There are immense semantic challenges in capturing metadata in such principled ways:
first in developing terminologies that are sufficiently comprehensive, usable, and
stable that people will actually employ them to annotate their research data; and
second (and more difficult) in keeping them up to date in the face of evolving
biological knowledge, in ways that permit provenance records and interpretation of
legacy metadata. This requires the involvement both of ordinary
“bench” practitioners in each particular research area, to ensure
that the artefacts developed meet real user needs, and of specialists skilled in
knowledge management technologies, to ensure that the ontologies are well-formed and
interface gracefully with other pre-existing ontologies without duplication of
concepts. In this work, the coordinating work of OBO, the Open Biomedical Ontologies
movement (http://www.obofoundry.org/), is of vital importance.
Within the biomedical community, this issue of metadata standards is particularly
being addressed by the Semantic Web Health Care and Life Sciences (HCLS) Interest
Group of the World Wide Web Consortium (http://www.w3.org/2001/sw/hcls/), of which our research group, IBRG, is a
participating member. Significant advances in making bioinformatics data available as
linked data has been made by the Bio2RDF Project (http://bio2rdf.org) [16]–[19]. IBRG is also
participating in the development of VoiD (Vocabulary of Interlinked Datasets), an
RDF-based schema to describe linked datasets (http://semanticweb.org/wiki/VoiD). Separately, we have proposed the use
of RDF Named Graphs for provenance tracking in linked data [20],[21].
The Infectious Disease Ontology
To date, there has been relative lack of effort in developing metadata standards in
the infectious disease domain, which is a major stumbling block for epidemiology
research and biosurveillance data collection activities. To address this problem, the
Infectious Disease Ontology (IDO) consortium (http://www.infectiousdiseaseontology.org/) is working to develop both
a core ontology for infectious disease in general, and more specialist ontologies for
different subdomains of the infectious disease field, including specific diseases
such as influenza, malaria, and tuberculosis, and specific research areas such as
vaccine development. Terms from the IDO core ontology relevant to the work described
by Reis et al. in their PLoS NTDs article have been included in our
Document Summary of that publication, described above.

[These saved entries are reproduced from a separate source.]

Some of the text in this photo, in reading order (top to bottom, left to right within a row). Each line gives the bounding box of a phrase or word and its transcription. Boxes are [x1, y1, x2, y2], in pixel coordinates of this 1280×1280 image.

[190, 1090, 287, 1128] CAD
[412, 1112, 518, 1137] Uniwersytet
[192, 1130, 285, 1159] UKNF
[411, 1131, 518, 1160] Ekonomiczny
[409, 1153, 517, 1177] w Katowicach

Separately, Biocaster
(http://www.biocaster.org), a global health monitoring service based in
Tokyo, has developed a multilingual ontology suitable for describing epidemics [22] that it
uses as the basis for its text-mining system for detecting and tracking the
distribution of infectious disease outbreaks from information on the Web harvested
from >1700 multilingual RSS news feeds [23]. Here, new text-mining
methods involving role-based filtering of disease outbreak reports are proving highly
effective in distinguishing reports relevant to disease outbreaks from those that are
not, prior to more detailed semantic analysis, with F-scores (combining precision and
recall values) in excess of 90% [24]. However, leptospirosis is
not among the diseases so far addressed by either of these developments.

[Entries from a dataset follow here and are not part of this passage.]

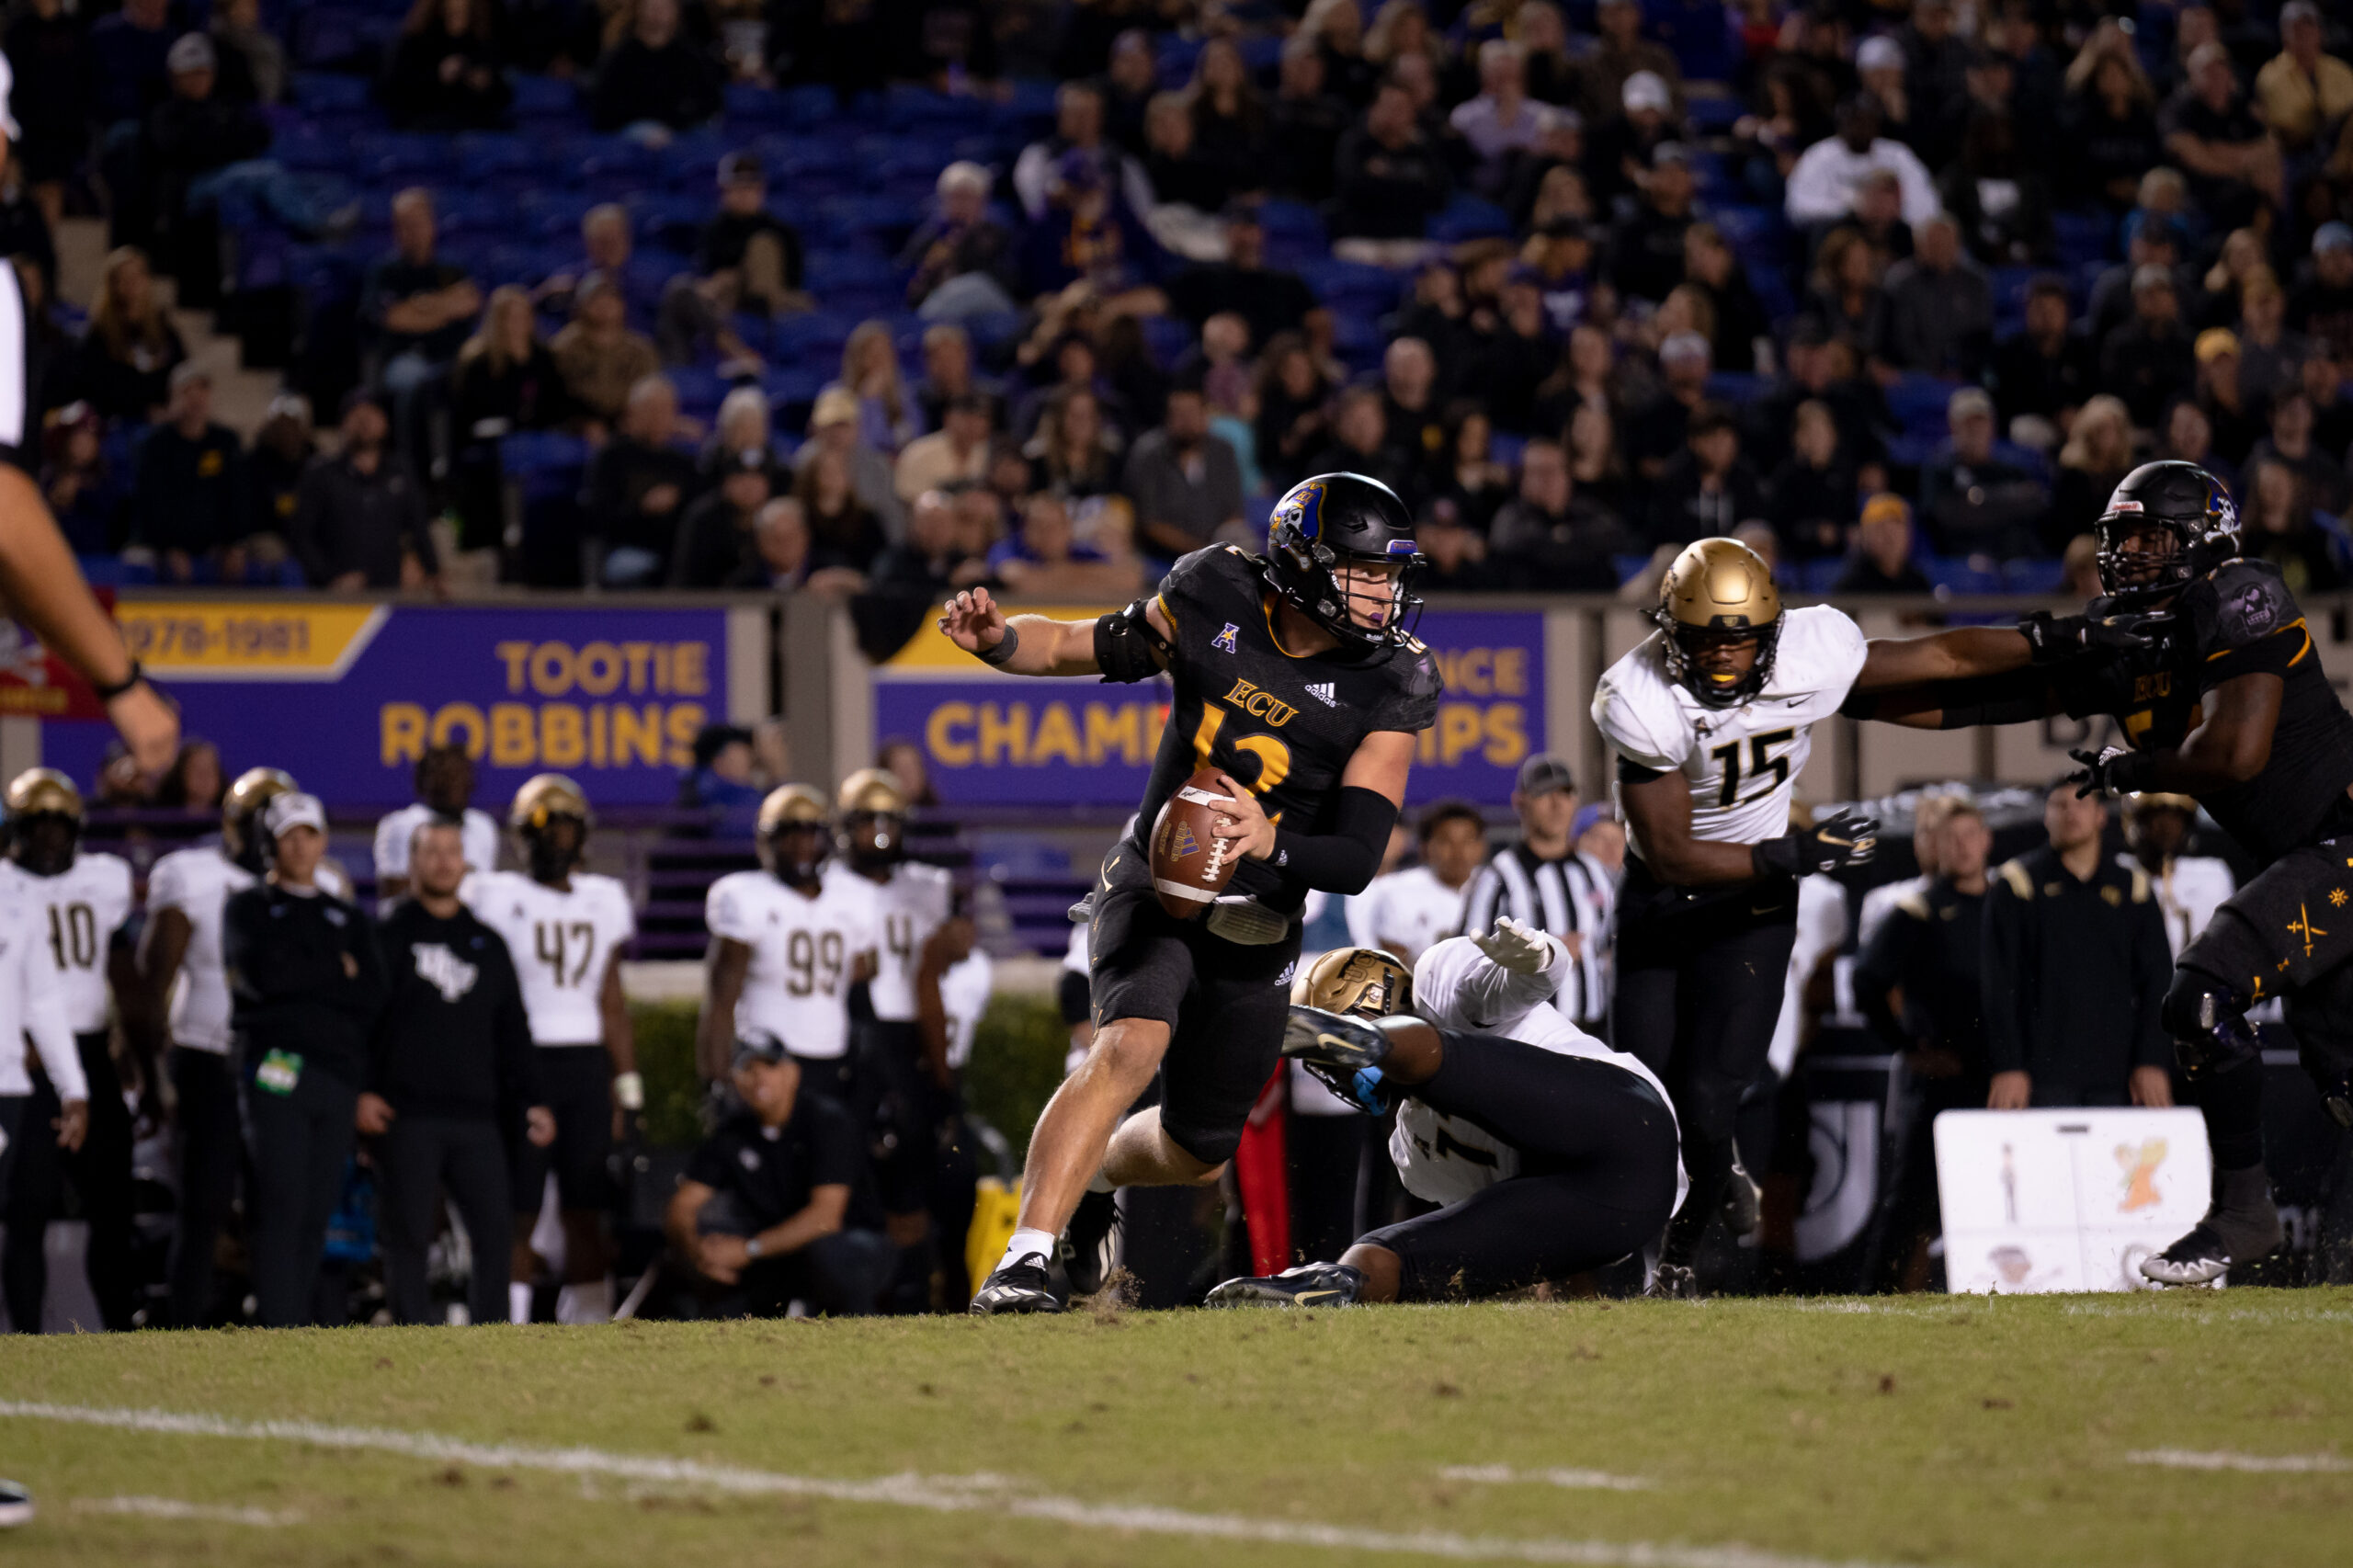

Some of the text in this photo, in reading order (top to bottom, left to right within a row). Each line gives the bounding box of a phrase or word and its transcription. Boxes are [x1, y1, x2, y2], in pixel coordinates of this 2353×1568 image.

[495, 639, 710, 697] TOOTIE
[1304, 684, 1336, 708] adidas
[379, 701, 709, 768] ROBBINS
[1222, 677, 1301, 727] ECU
[1711, 725, 1795, 811] 15
[535, 919, 595, 989] 47
[785, 928, 844, 997] 99

Developing a MIIDI Standard—Minimal Information Required for Reporting
an Infectious Disease Investigation
Conducting systematic reviews of medical research findings requires the ability to
search for research articles matching precise criteria, for example, studies in which
the number of patients was in excess of 1,000, in which age- and sex-matched controls
were included, in which the studies were conducted between certain dates, or where
the assay for the disease involved positive identification of the infectious organism
in the blood of the patient, rather than simply the presence of antibodies against
that organism. Such systematic reviews are currently conducted manually by experts,
such as those working within the Cochrane Collaboration (http://www.cochrane.org/; http://www.thecochranelibrary.com). Clearly their work, and similar data
integration activities, could be greatly facilitated if articles reporting field
studies of infectious diseases were accompanied by machine-readable metadata files
specifically defining the criteria used in the investigation and the main findings,
along the lines of the human-readable Study Summary information contained in our
enhanced article's Document Summary (http://dx.doi.org/10.1371/journal.pntd.0000228.x002).

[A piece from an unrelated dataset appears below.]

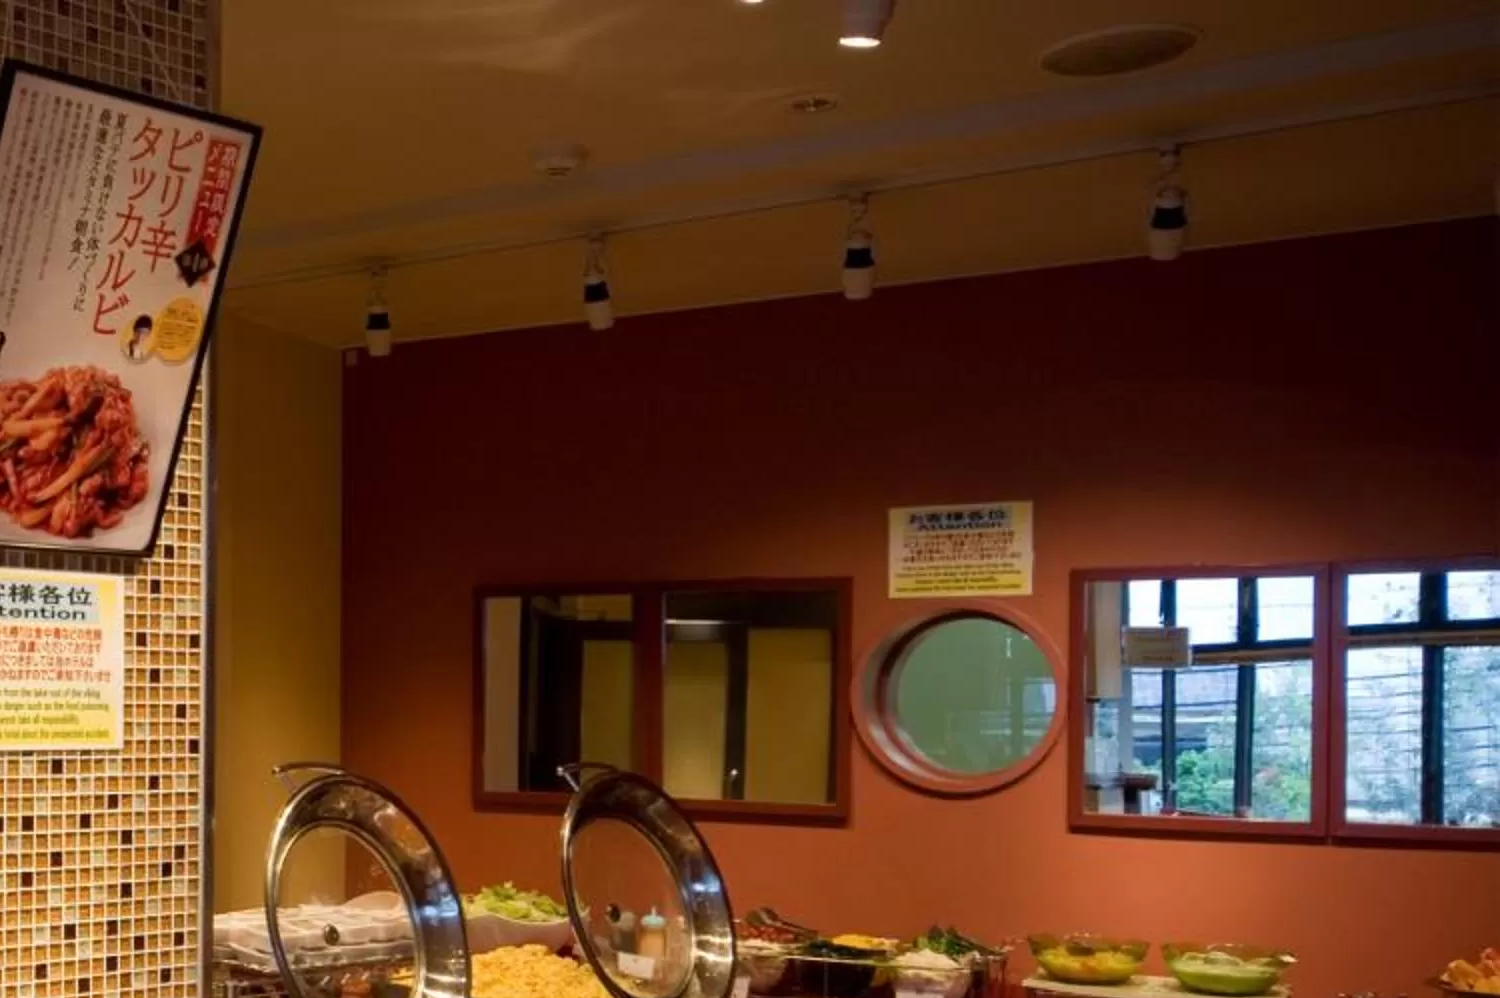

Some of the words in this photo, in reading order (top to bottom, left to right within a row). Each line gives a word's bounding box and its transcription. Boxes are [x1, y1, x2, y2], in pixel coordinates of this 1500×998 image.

[92, 116, 163, 335] タッカルビ
[140, 126, 204, 273] ピリ辛

Several minimal information standards have recently been developed as part of the
MIBBI Project (Minimum Information for Biological and Biomedical Investigations;
http://www.mibbi.org/) [25], each for a different
type of investigation. The Structured Digital Abstracts currently used by
FEBS Letters are based on one of these, the MIMIx standard
(minimum information required for reporting a molecular interaction experiment;
http://www.mibbi.org/index.php/Projects/MIMIx), which was developed by
a large community of experts in the protein interaction field [5].
The Study Summary that forms part of our Document Summary described above has much in
common with such minimal information standards, although it relates only to the
single PLoS NTDs article we chose to enhance and is not presently in
a machine-readable format. What is now required is for the community of infectious
disease researchers collectively to develop a MIIDI Standard—minimal
information required for reporting an infectious disease investigation.
Although almost all the existing minimal information standards registered with MIBBI
relate to laboratory-based bioscience investigations, it is to be hoped that MIIDI
could become one of the MIBBI Standards, thereby benefiting from the considerable
work this standards community has already undertaken. The MIIDI Standard, once
developed, could then form the basis for the development, in collaboration with
publishers, of machine-readable Structured Digital Abstracts for infectious disease
journal articles, that would be of enormous value to those wishing to integrate
information across such publications for systematic reviews and other purposes. We
propose to host a meeting for the purpose of developing the MIIDI Standard in
September 2009, and to invite interested parties to contact the senior author of this
paper (david.shotton@zoo.ox.ac.uk) for further information.
Cost-Benefit Analysis of Semantic Enhancements
The semantic enhancements applied to our selected PLoS NTDs article
required about ten person-weeks of effort, most of which was taken in understanding,
deciding, and prototyping exactly what to do and how best to do it, since this was a new
area of endeavour for us. Were we to repeat the exercise with our present experience, it
could be accomplished in a small fraction of that time.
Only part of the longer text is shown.